The following discussion and analysis of our financial condition and results of operations should be read in conjunction with our audited financial statements and related notes thereto and other financial information included elsewhere in this Annual Report. In addition to historical financial information, some of the information contained in the following discussion and analysis contains forward-looking statements that involve risks, uncertainties and assumptions. You should review the ''Risk Factors'' section of this Annual Report for a discussion of important factors that could cause our actual results to differ materially from the results described in or implied by the forward-looking statements contained in the following discussion and analysis.

Overview

We are a blank check company incorporated on October 22, 2020 as a Delaware corporation for the purpose of effecting a merger, share exchange, asset acquisition, stock purchase, reorganization or other similar business combination with one or more businesses or entities. While we may pursue a business combination target in any business or industry, we have focused, and intend to continue to focus, our search for a target business operating in the D2C brands, D2C services and mobile and social entertainment sectors.

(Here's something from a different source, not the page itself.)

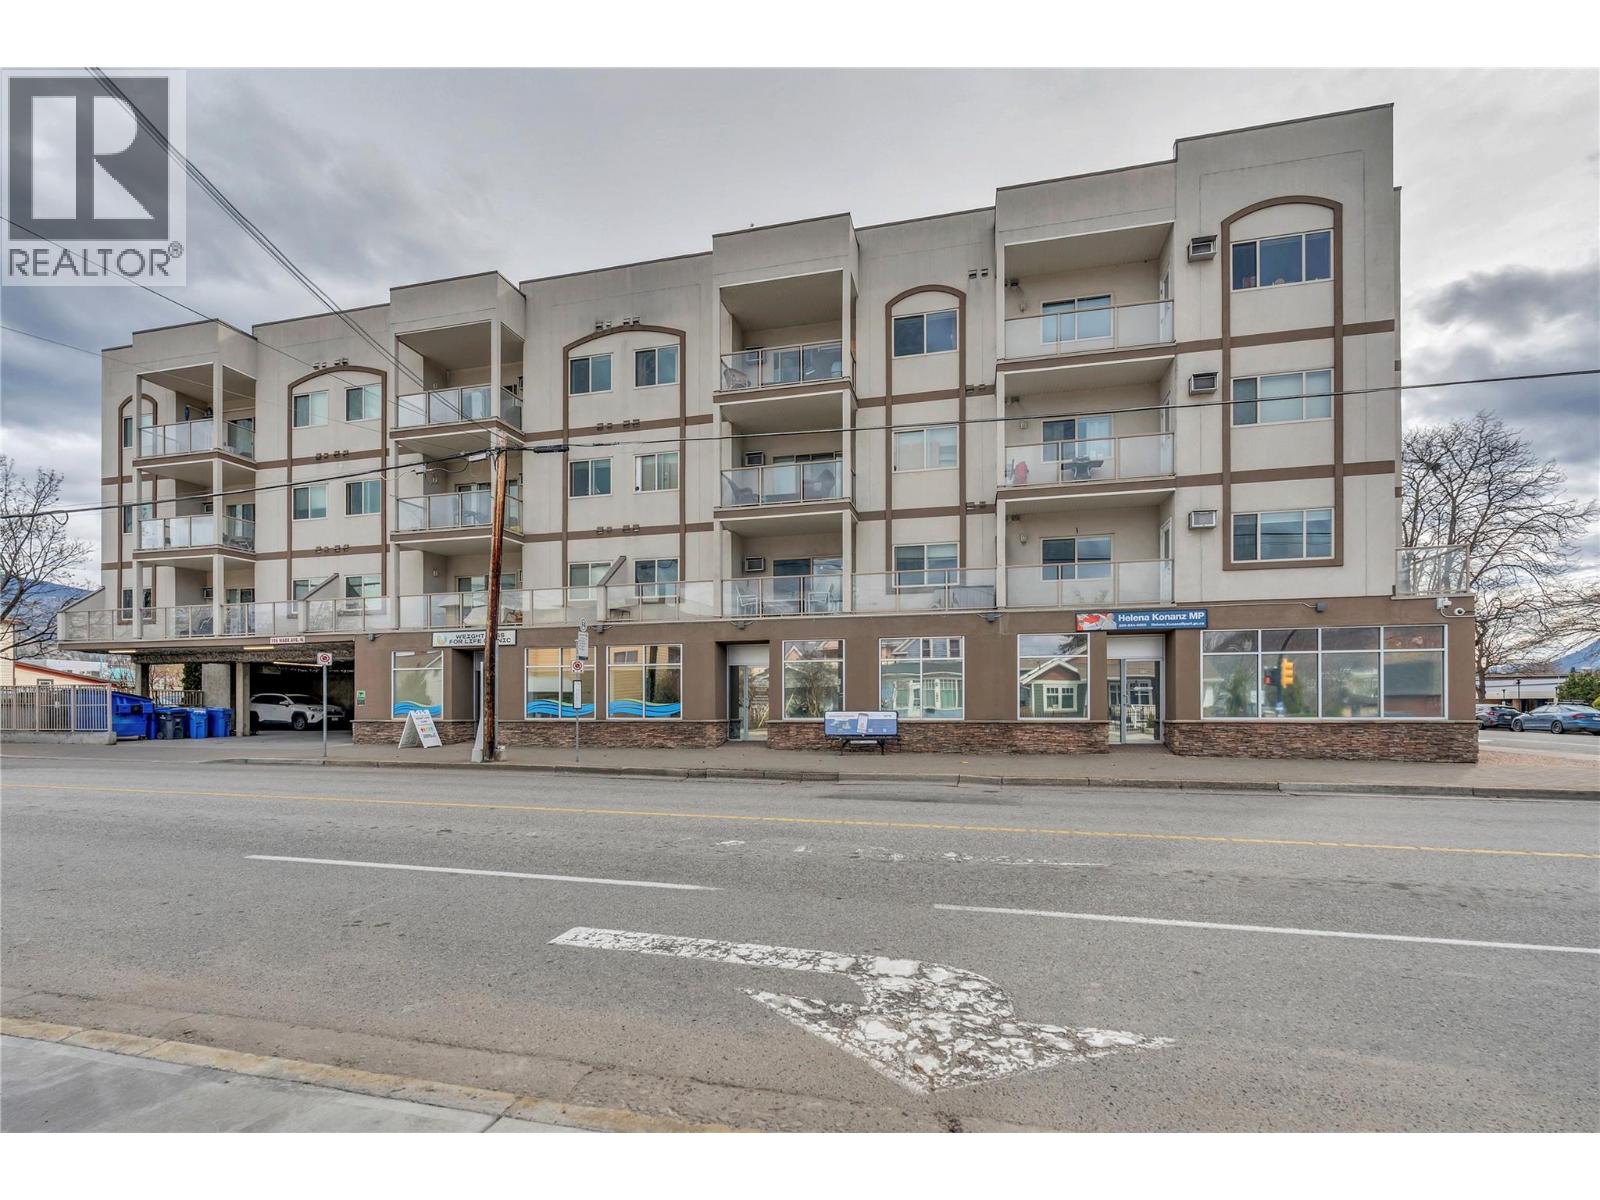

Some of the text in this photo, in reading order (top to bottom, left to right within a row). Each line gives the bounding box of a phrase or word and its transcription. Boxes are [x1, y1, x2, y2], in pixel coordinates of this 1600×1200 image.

We expect to continue to incur significant costs in the pursuit of our acquisition plans. We cannot assure you that our plans to complete a business combination will be successful.

Results of Operations

We have neither engaged in any operations nor generated any operating revenues to date. Our only activities from inception through December 31, 2021 were organizational activities, those necessary to prepare for the IPO, described below, and those in connection with our search for a business combination. We do not expect to generate any operating revenues until after the completion of our initial business combination, at the earliest. We expect to generate non-operating income in the form of interest income on marketable securities held in the trust account. We have incurred, and expect to conintue to incur, increased expenses as a result of being a public company (for legal, financial reporting, accounting and auditing compliance), as well as for due diligence expenses in connection with searching for, and completing, a business combination.

For the period from January 1, 2021 through December 31, 2021 and for the period from October 22, 2020 (inception) through December 31, 2020 we had a net income (loss) of $158,775 and $(5,000), respectively. Our income for the period from January 1, 2021 through December 31, 2021 consisted of unrealized gains on marketable securities held in the trust account and a reduction of the warrant liabilities, and our loss for the period from October 22, 2020 (inception) through December 31, 2020 consisted of formation expenses.

Liquidity, Capital Resources and Going Concern

As of December 31, 2021 and December 31, 2020, we had $346,319 and $20,000 cash, respectively, and a working capital deficit of $924,523 and $163,912, respectively. Until the consummation of the IPO, our only sources of liquidity was an initial purchase of common stock by the sponsor and loans from our sponsor. The Company's business plan is dependent on the completion of a business combination, and the Company's cash and working capital as of December 31, 2021 and December 31, 2020 are not sufficient to complete its planned activities for a reasonable period of time. These conditions raise substantial doubt about the Company's ability to continue as a going concern.

On October 29, 2020, the sponsor agreed to loan us an aggregate of up to $300,000 to cover expenses related to the IPO pursuant to a promissory note (the "Promissory Note"). The Promissory Note was non-interest bearing and payable on the earlier of December 31, 2021 or the completion of the IPO. The outstanding balance under the Promissory Note of $300,000 remained outstanding at the closing of the IPO on January 28, 2021. On February 2, 2021, the Company repaid the Promissory Note in full.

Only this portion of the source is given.